***** Material provided *****

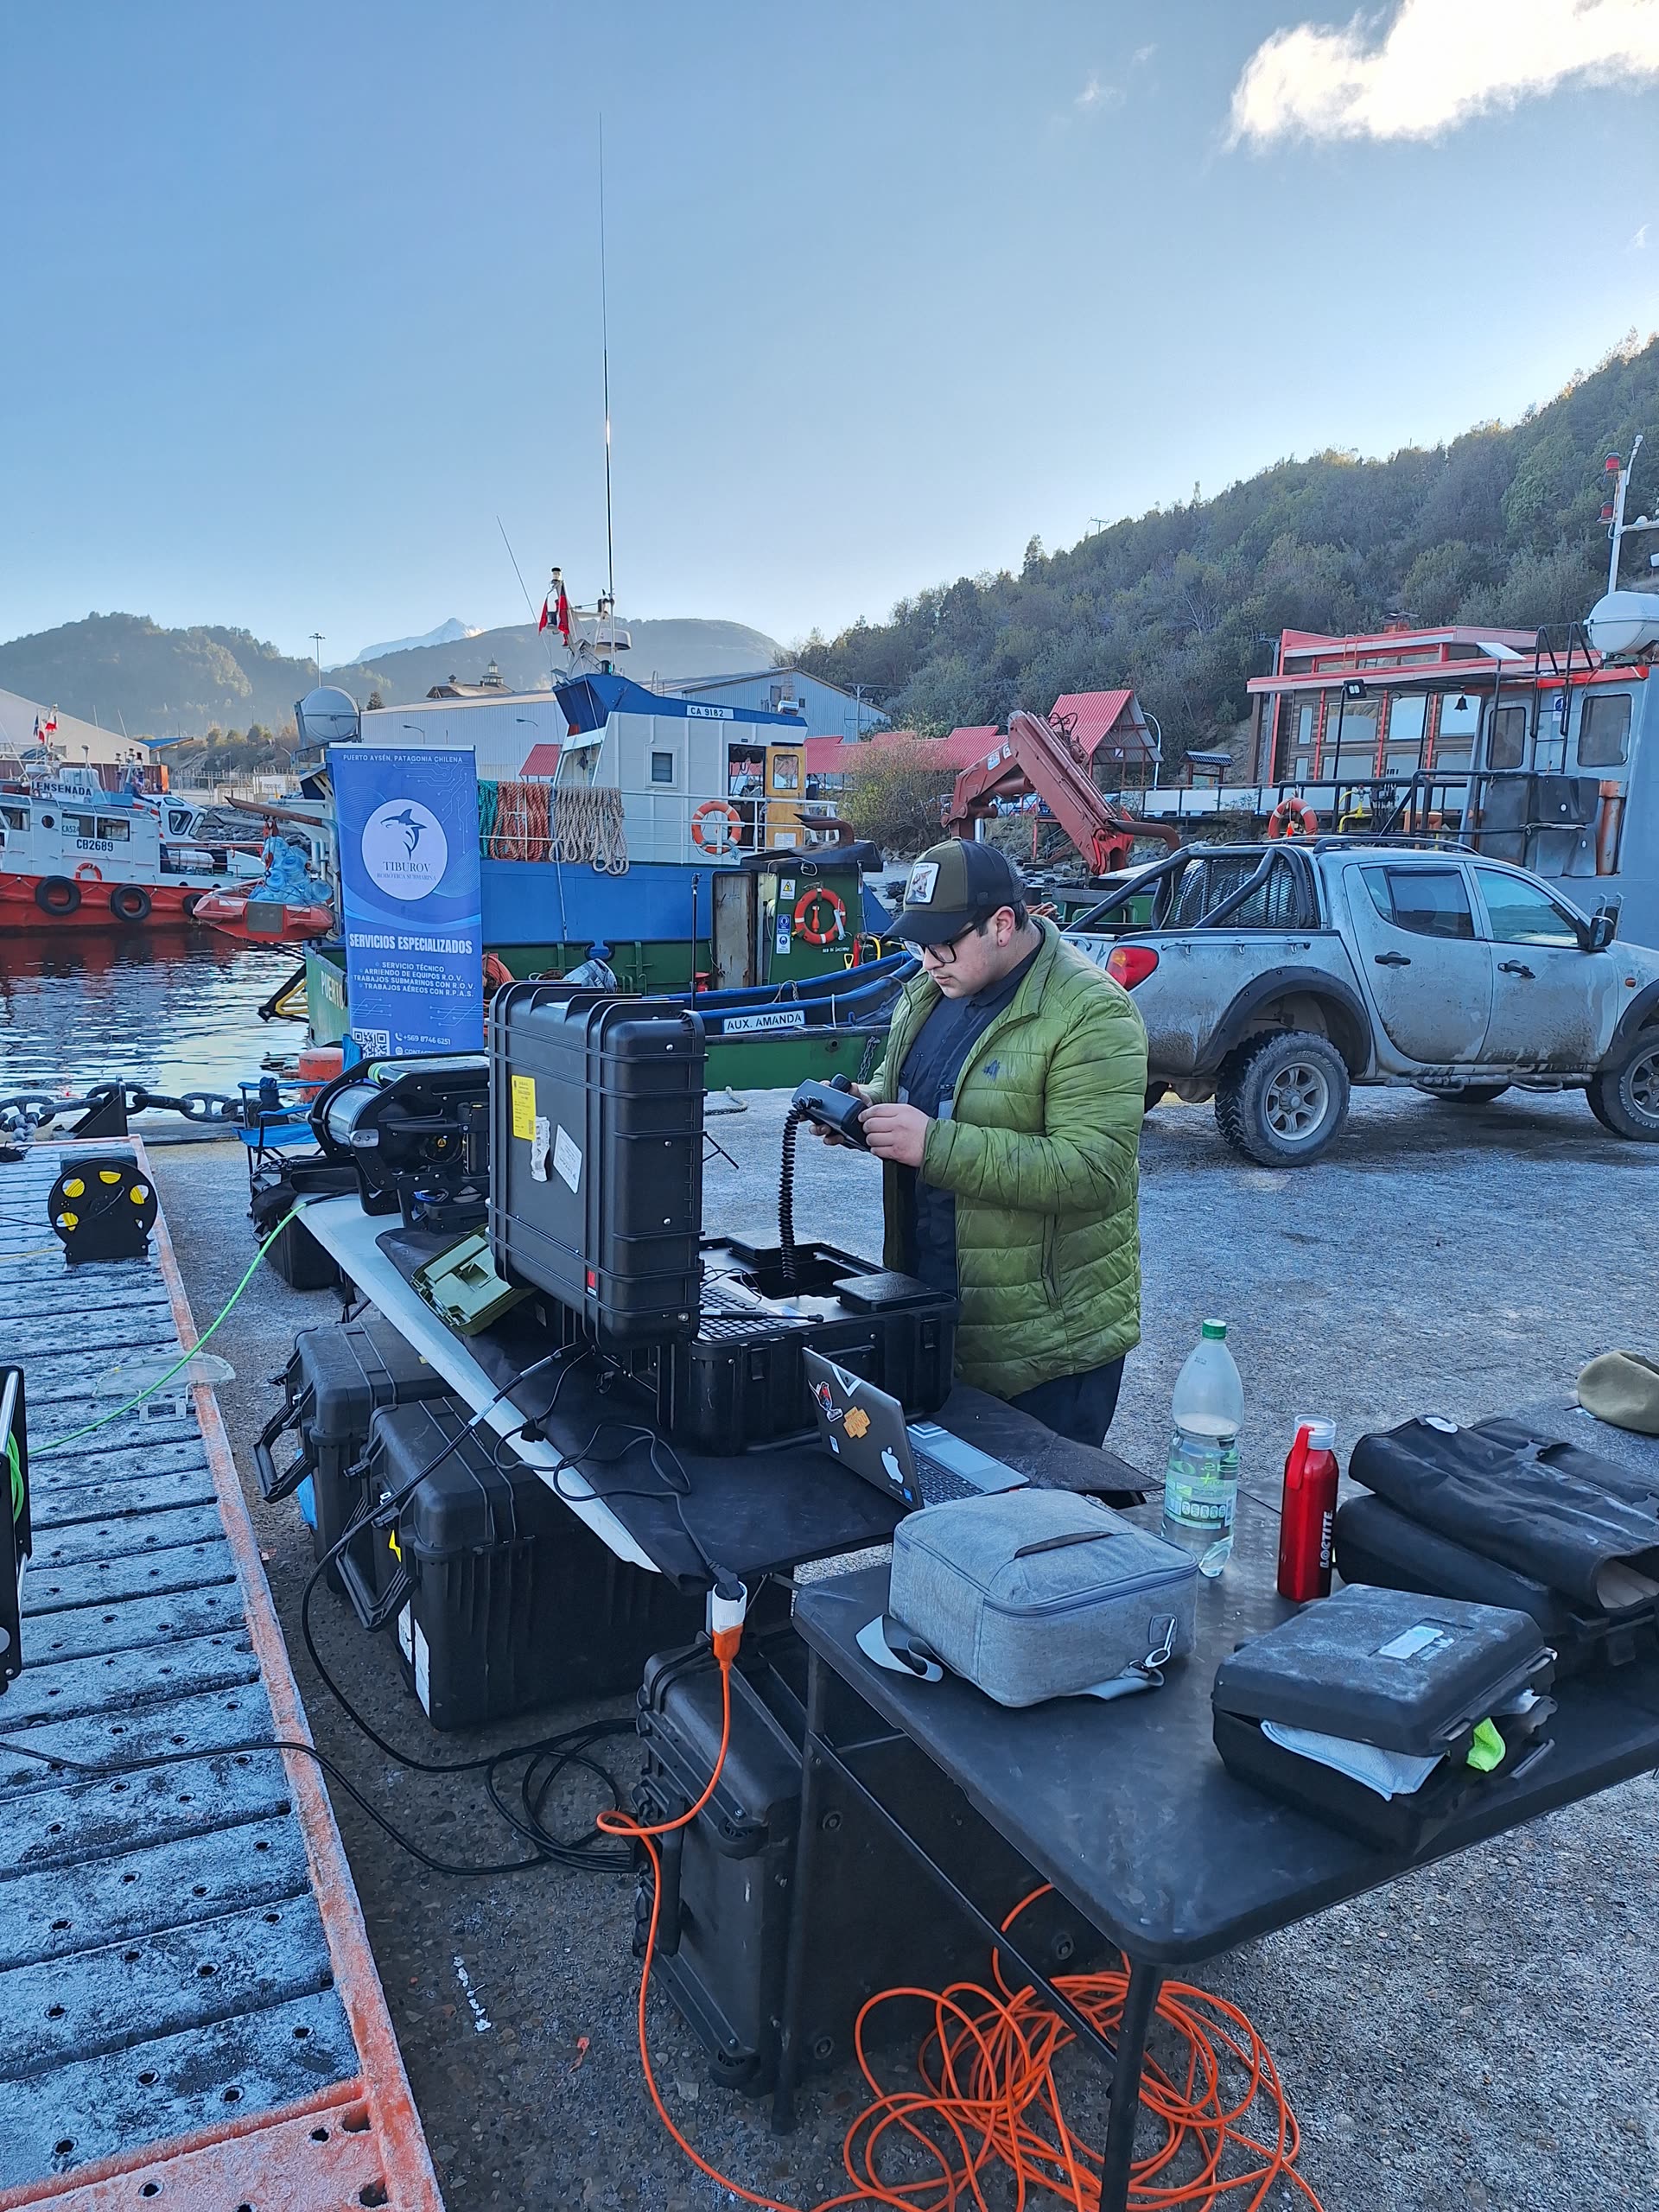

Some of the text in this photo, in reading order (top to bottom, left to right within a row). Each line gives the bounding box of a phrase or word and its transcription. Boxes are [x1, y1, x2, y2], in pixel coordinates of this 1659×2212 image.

[690, 707, 724, 717] CA 9182
[36, 781, 92, 797] ENSENADA
[76, 839, 114, 852] CB2689
[383, 861, 431, 872] TIBUROV
[349, 933, 473, 954] SERVICIOS ESPECIALIZADOS
[382, 962, 445, 973] SERVICIO TÉCNICO
[353, 974, 389, 983] TRABAJOS
[391, 977, 434, 987] SUBMARINOS
[364, 968, 400, 976] ARRIENDO
[412, 971, 441, 981] EQUIPOS
[321, 969, 344, 1010] PUERTO
[364, 982, 401, 991] TRABAJOS
[403, 984, 429, 994] AÉREOS
[727, 1013, 802, 1030] AUX. AMANDA
[420, 1035, 436, 1044] 8746
[1319, 1510, 1333, 1568] LOCTITE

*****

# Exercise details
Where pictures appear, skip them and transcribe all other material word for word.

# Exercise answer
Some of the text in this photo, in reading order (top to bottom, left to right within a row). Each line gives the bounding box of a phrase or word and its transcription. Boxes are [x1, y1, x2, y2], in pixel coordinates of this 1659×2212 image.

[690, 707, 724, 717] CA 9182
[36, 781, 92, 797] ENSENADA
[76, 839, 114, 852] CB2689
[383, 861, 431, 872] TIBUROV
[349, 933, 473, 954] SERVICIOS ESPECIALIZADOS
[382, 962, 445, 973] SERVICIO TÉCNICO
[353, 974, 389, 983] TRABAJOS
[391, 977, 434, 987] SUBMARINOS
[364, 968, 400, 976] ARRIENDO
[412, 971, 441, 981] EQUIPOS
[321, 969, 344, 1010] PUERTO
[364, 982, 401, 991] TRABAJOS
[403, 984, 429, 994] AÉREOS
[727, 1013, 802, 1030] AUX. AMANDA
[420, 1035, 436, 1044] 8746
[1319, 1510, 1333, 1568] LOCTITE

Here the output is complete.